Ausgangspunkt des Rechtsstreits waren Recherchen, die im Dezember 2025 nach rund einjähriger Arbeit erschienen. Das Projekt von «Republik» und dem Recherchekollektiv WAV beleuchtete, wie Palantir über mehrere Jahre versucht hatte, bei Bundesstellen und dem Schweizer Militär Aufträge zu erhalten – ohne Erfolg. Die Journalisten werteten dazu Dutzende Gesuche nach dem Öffentlichkeitsgesetz sowie interne Unterlagen aus und kamen zum Befund, dass das Unternehmen trotz einer mehrjährigen Präsenz in der Schweiz keinen einzigen Regierungsauftrag gewinnen konnte. Diese Erzählung eines «Scheiterns» auf dem Schweizer Markt war nach Darstellung der beteiligten Reporter Auslöser für Palantirs juristische Offensive.

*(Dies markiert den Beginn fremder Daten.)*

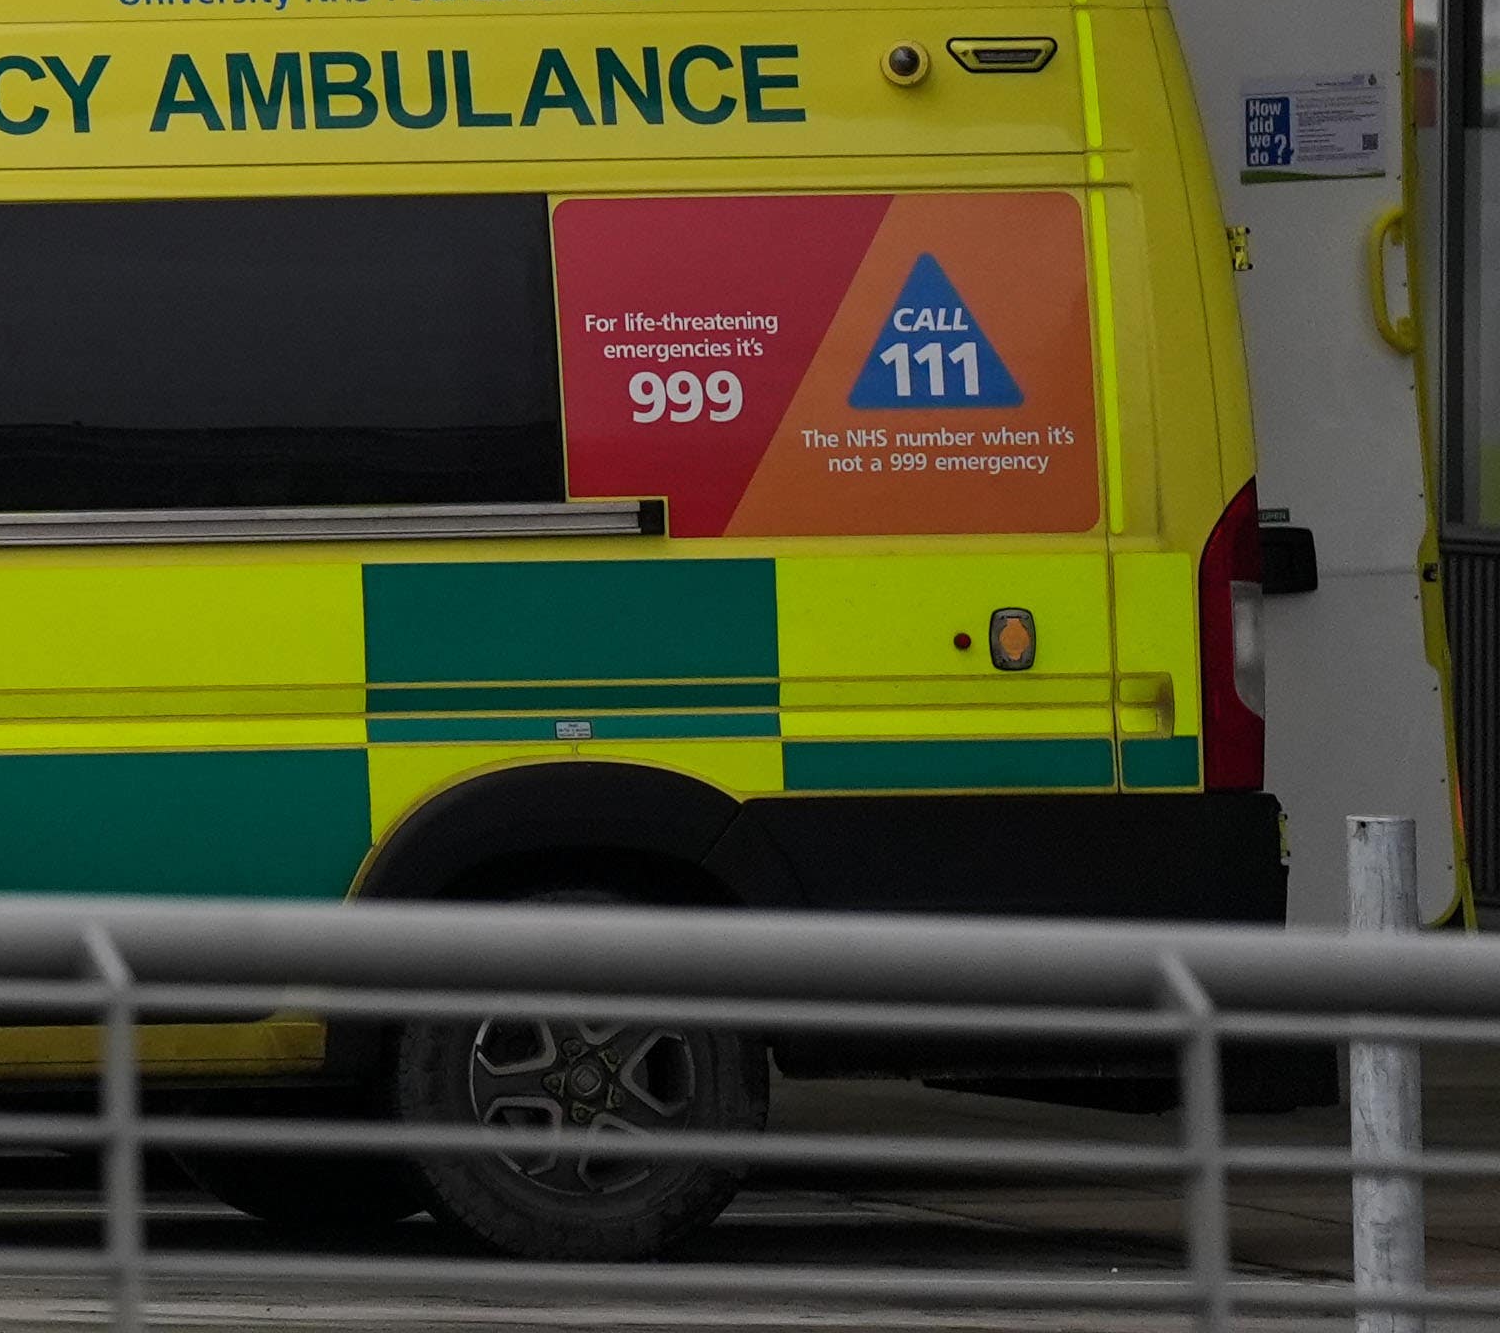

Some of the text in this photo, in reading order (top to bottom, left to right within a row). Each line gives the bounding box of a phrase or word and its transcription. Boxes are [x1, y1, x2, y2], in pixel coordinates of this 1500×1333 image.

[150, 45, 806, 131] AMBULANCE
[1249, 100, 1282, 116] How
[1249, 117, 1275, 133] did
[1250, 149, 1270, 164] do
[586, 311, 778, 334] For life-threatening
[894, 308, 968, 332] CALL
[604, 338, 763, 362] emergencies it's
[880, 342, 979, 396] 111
[629, 371, 742, 423] 999
[801, 426, 1074, 447] The NHS number when it's
[829, 453, 1048, 474] not a 999 emergency
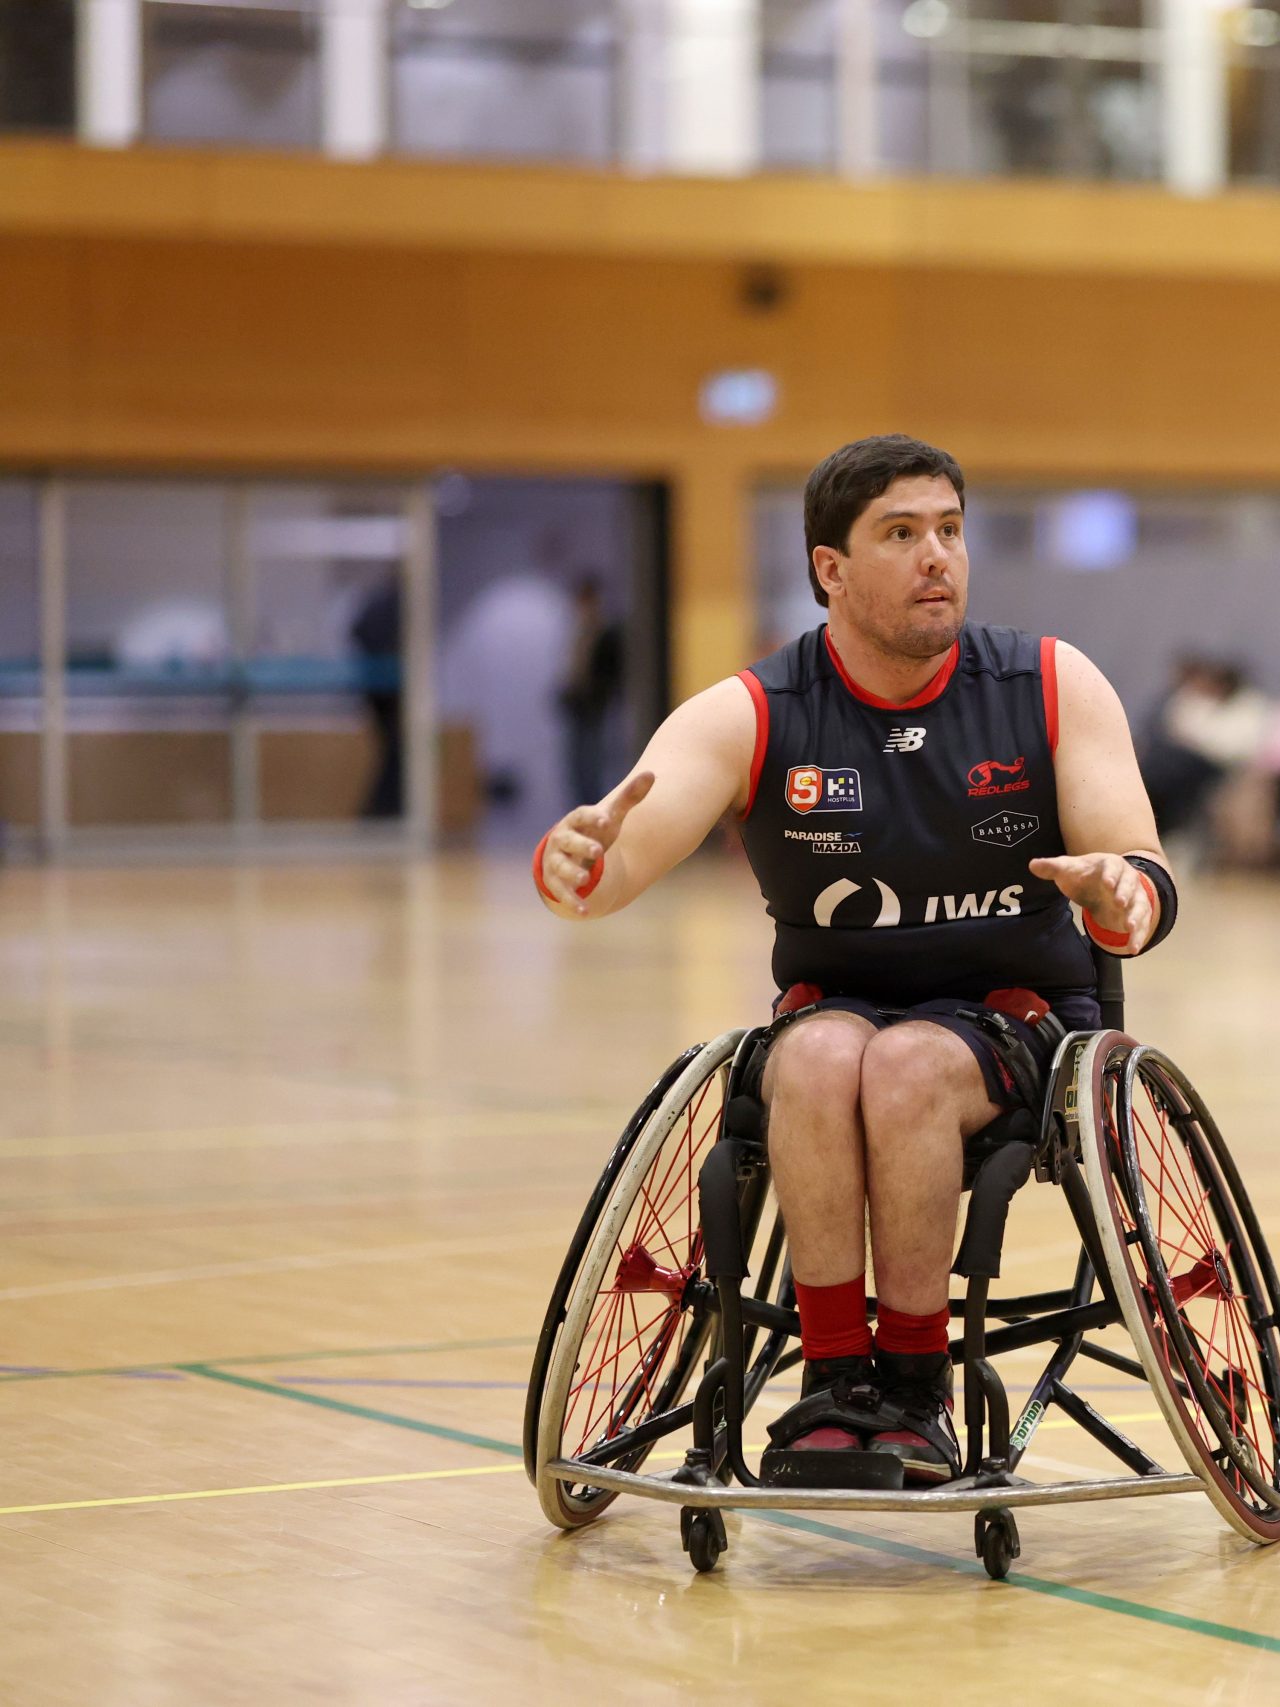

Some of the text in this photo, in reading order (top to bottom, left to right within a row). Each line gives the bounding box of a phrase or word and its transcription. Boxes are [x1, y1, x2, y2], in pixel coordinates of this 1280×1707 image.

[883, 727, 927, 753] NB
[967, 780, 1030, 797] REDLEGS
[784, 829, 842, 841] PARADISE
[979, 821, 1033, 836] BAROSSA
[813, 842, 860, 853] MAZDA

Die Redaktion hatte dem Unternehmen nach eigenen Angaben vor Veröffentlichung ausführliche Fragen geschickt und Führungskräfte interviewt. Palantir verlangte darüber hinaus eine detaillierte, punktweise Replik im Magazin, die über den Umfang der ursprünglichen Recherche hinausgegangen wäre. Als «Republik» dies ablehnte, reichte der Konzern Klage ein. Das Zürcher Handelsgericht stellte nun klar, dass nur eine von 23 umstrittenen Passagen eine Gegendarstellung erfordert. Damit bestätigt das Urteil, dass der Großteil der Berichterstattung über Palantirs vergebliche Akquisitionsversuche bei Schweizer Behörden auf einer zulässigen Auswertung amtlicher Dokumente beruht.
Palantir ist international vor allem durch den Einsatz seiner Software in militärischen und nachrichtendienstlichen Kontexten bekannt. Seit 2022 stellt das Unternehmen Plattformen zur Verfügung, die ukrainische Behörden und Streitkräfte bei der Auswertung von Lagebildern, der Zielidentifikation und der Logistik unterstützen. Die Systeme werden außerdem von US-amerikanischen und verbündeten Diensten im Nahen Osten genutzt, um iranische Aktivitäten etwa in Raketenprogrammen, beim Einsatz von Drohnen oder in Cyberoperationen zu analysieren. Direkte Geschäftsbeziehungen mit dem Iran bestehen nach Unternehmensangaben aufgrund von US-Sanktionen nicht. Das Zürcher Urteil könnte über die Schweiz hinaus Signalwirkung haben, nachdem die Recherche bereits in anderen europäischen Staaten Debatten über Nutzen und Notwendigkeit der Palantir-Technologie im staatlichen Bereich angestoßen hatte.